80C7D733-0380-4EC2-ACED-94E267694311

The verdict was – great tackle

Finally. Something has gone our way. A frustrating few days for the players has ended with them being given a huge shot in the arm. Swansea have that narrow 1-0 lead but everybody around the club is talking the right way. Whilst Cooper says his team won’t be playing for the draw Thomas Frank is in no doubt how our team will approach this one, telling the press that: “We are in total combat mode. We are so ready to play and we will come out flying …There are important games and then there are little bit more important games; this is one of those defining games and moments. We are not nervous; we know we need to attack

As for Steve Cooper’s approach of going for the win, whilst offering all the necessary respect Thomas was clear that they could be split. “In the back of their minds they know they have something to protect.

And therein lies the beauty / stress of two-legged football. Do they stick or twist?

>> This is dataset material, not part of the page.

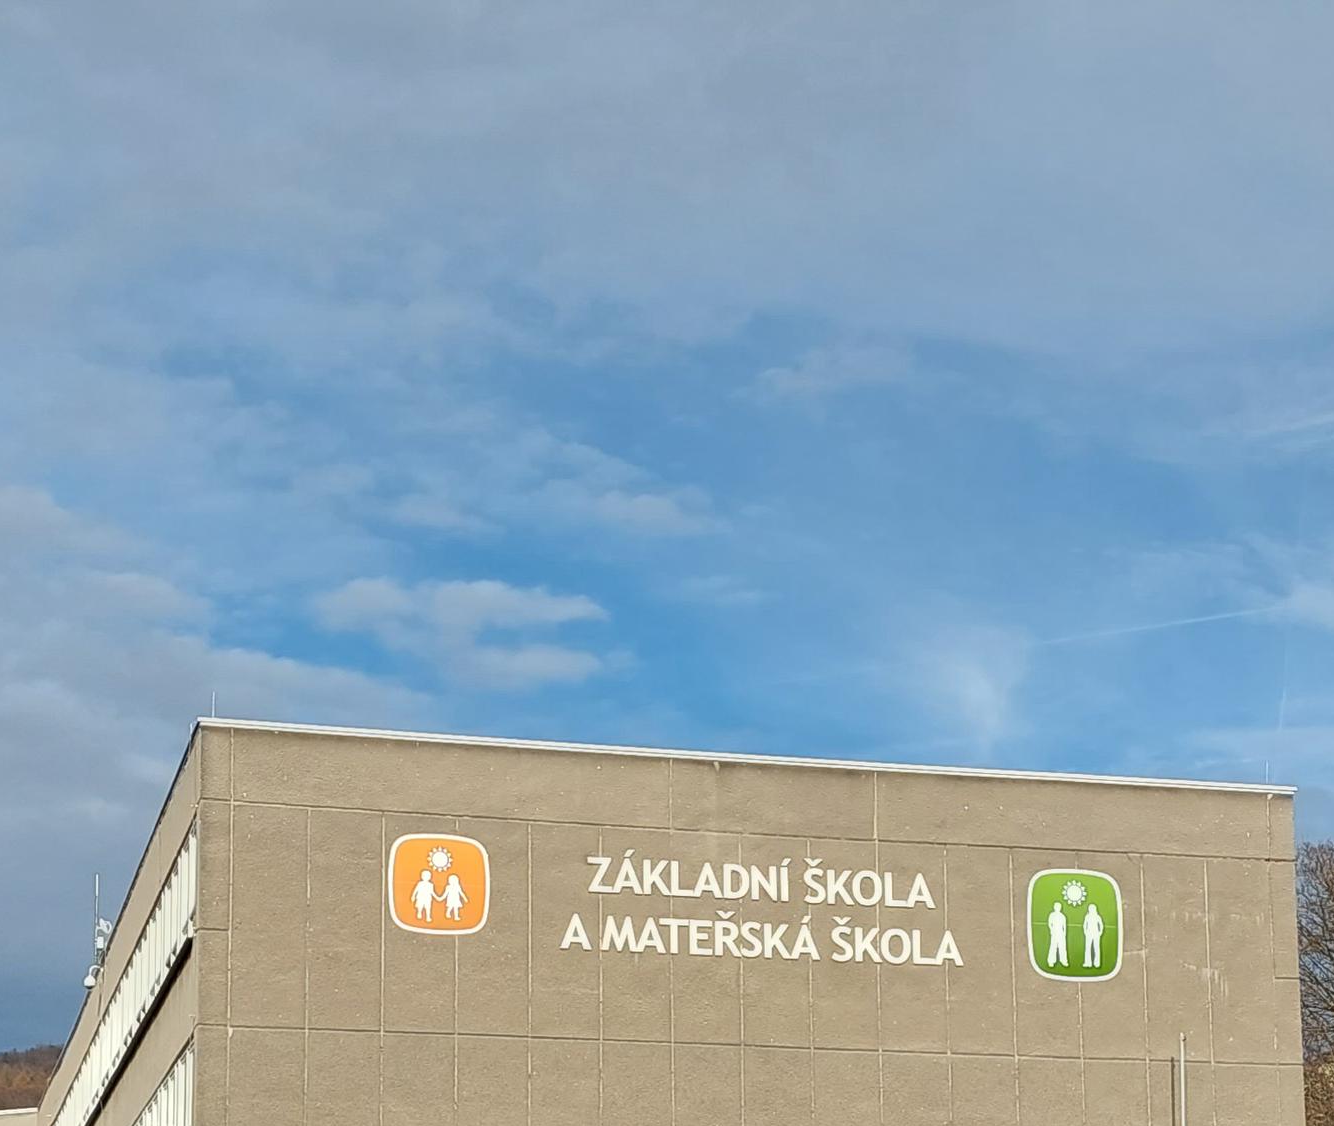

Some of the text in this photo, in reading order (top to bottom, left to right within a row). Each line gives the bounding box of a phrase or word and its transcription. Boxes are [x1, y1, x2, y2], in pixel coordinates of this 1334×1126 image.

Will their approach waiver? Might the pressure of holding this slim advantage do strange things to them? The prize on offer is a huge one. Namely, that £170million chance of top flight football. It feels as though we’ve had more bites at this than Jaws but now really is THE time and I’m 100% confident we’ll do this.

The beers, pizzas, goals sweets and even mid-game extra strong mints are in. If you do one thing this evening, PLEASE have a packet of these on hand – something on a par with the lucky shirt, magic pants and JJ’s bladder in the lucky omen stakes when it comes to good goal news.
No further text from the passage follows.